» **Directions**:
The records follow. Give them all back exactly.

Stored items from a collection:

=== Begin Enclosure ===

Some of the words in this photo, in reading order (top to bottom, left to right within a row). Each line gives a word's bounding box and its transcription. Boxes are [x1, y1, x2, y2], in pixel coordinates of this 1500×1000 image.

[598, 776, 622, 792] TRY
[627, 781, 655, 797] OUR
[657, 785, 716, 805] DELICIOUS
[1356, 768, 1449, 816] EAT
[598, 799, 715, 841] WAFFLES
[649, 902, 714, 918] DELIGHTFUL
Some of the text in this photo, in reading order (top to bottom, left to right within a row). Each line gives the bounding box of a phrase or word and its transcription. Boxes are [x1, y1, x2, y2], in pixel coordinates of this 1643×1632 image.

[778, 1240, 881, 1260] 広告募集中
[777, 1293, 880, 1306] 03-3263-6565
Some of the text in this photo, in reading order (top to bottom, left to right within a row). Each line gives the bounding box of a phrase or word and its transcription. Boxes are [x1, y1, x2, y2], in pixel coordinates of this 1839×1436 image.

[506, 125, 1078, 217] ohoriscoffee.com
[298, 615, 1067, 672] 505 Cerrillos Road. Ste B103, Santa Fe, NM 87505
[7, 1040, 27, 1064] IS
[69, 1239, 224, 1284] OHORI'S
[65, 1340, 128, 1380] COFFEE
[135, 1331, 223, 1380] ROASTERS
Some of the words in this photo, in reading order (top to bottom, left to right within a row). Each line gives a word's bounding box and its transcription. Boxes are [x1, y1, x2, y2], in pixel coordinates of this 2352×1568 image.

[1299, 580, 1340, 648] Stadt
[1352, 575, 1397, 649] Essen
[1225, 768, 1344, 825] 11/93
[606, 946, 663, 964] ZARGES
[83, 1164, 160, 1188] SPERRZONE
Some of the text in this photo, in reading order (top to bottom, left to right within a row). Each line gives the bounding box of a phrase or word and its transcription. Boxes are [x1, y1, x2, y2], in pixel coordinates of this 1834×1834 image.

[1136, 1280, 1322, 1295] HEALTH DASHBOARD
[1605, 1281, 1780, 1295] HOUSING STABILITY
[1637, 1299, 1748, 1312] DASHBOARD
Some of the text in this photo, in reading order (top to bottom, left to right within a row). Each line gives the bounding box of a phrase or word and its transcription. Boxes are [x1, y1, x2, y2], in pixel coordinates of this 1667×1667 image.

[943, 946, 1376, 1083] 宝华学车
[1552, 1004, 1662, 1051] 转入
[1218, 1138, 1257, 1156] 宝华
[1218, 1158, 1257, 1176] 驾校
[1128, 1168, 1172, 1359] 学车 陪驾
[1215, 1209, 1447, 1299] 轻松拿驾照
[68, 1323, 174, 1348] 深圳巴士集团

=== End Enclosure ===

» **Response to this task**:
Some of the words in this photo, in reading order (top to bottom, left to right within a row). Each line gives a word's bounding box and its transcription. Boxes are [x1, y1, x2, y2], in pixel coordinates of this 1500×1000 image.

[598, 776, 622, 792] TRY
[627, 781, 655, 797] OUR
[657, 785, 716, 805] DELICIOUS
[1356, 768, 1449, 816] EAT
[598, 799, 715, 841] WAFFLES
[649, 902, 714, 918] DELIGHTFUL
Some of the text in this photo, in reading order (top to bottom, left to right within a row). Each line gives the bounding box of a phrase or word and its transcription. Boxes are [x1, y1, x2, y2], in pixel coordinates of this 1643×1632 image.

[778, 1240, 881, 1260] 広告募集中
[777, 1293, 880, 1306] 03-3263-6565
Some of the text in this photo, in reading order (top to bottom, left to right within a row). Each line gives the bounding box of a phrase or word and its transcription. Boxes are [x1, y1, x2, y2], in pixel coordinates of this 1839×1436 image.

[506, 125, 1078, 217] ohoriscoffee.com
[298, 615, 1067, 672] 505 Cerrillos Road. Ste B103, Santa Fe, NM 87505
[7, 1040, 27, 1064] IS
[69, 1239, 224, 1284] OHORI'S
[65, 1340, 128, 1380] COFFEE
[135, 1331, 223, 1380] ROASTERS
Some of the words in this photo, in reading order (top to bottom, left to right within a row). Each line gives a word's bounding box and its transcription. Boxes are [x1, y1, x2, y2], in pixel coordinates of this 2352×1568 image.

[1299, 580, 1340, 648] Stadt
[1352, 575, 1397, 649] Essen
[1225, 768, 1344, 825] 11/93
[606, 946, 663, 964] ZARGES
[83, 1164, 160, 1188] SPERRZONE
Some of the text in this photo, in reading order (top to bottom, left to right within a row). Each line gives the bounding box of a phrase or word and its transcription. Boxes are [x1, y1, x2, y2], in pixel coordinates of this 1834×1834 image.

[1136, 1280, 1322, 1295] HEALTH DASHBOARD
[1605, 1281, 1780, 1295] HOUSING STABILITY
[1637, 1299, 1748, 1312] DASHBOARD
Some of the text in this photo, in reading order (top to bottom, left to right within a row). Each line gives the bounding box of a phrase or word and its transcription. Boxes are [x1, y1, x2, y2], in pixel coordinates of this 1667×1667 image.

[943, 946, 1376, 1083] 宝华学车
[1552, 1004, 1662, 1051] 转入
[1218, 1138, 1257, 1156] 宝华
[1218, 1158, 1257, 1176] 驾校
[1128, 1168, 1172, 1359] 学车 陪驾
[1215, 1209, 1447, 1299] 轻松拿驾照
[68, 1323, 174, 1348] 深圳巴士集团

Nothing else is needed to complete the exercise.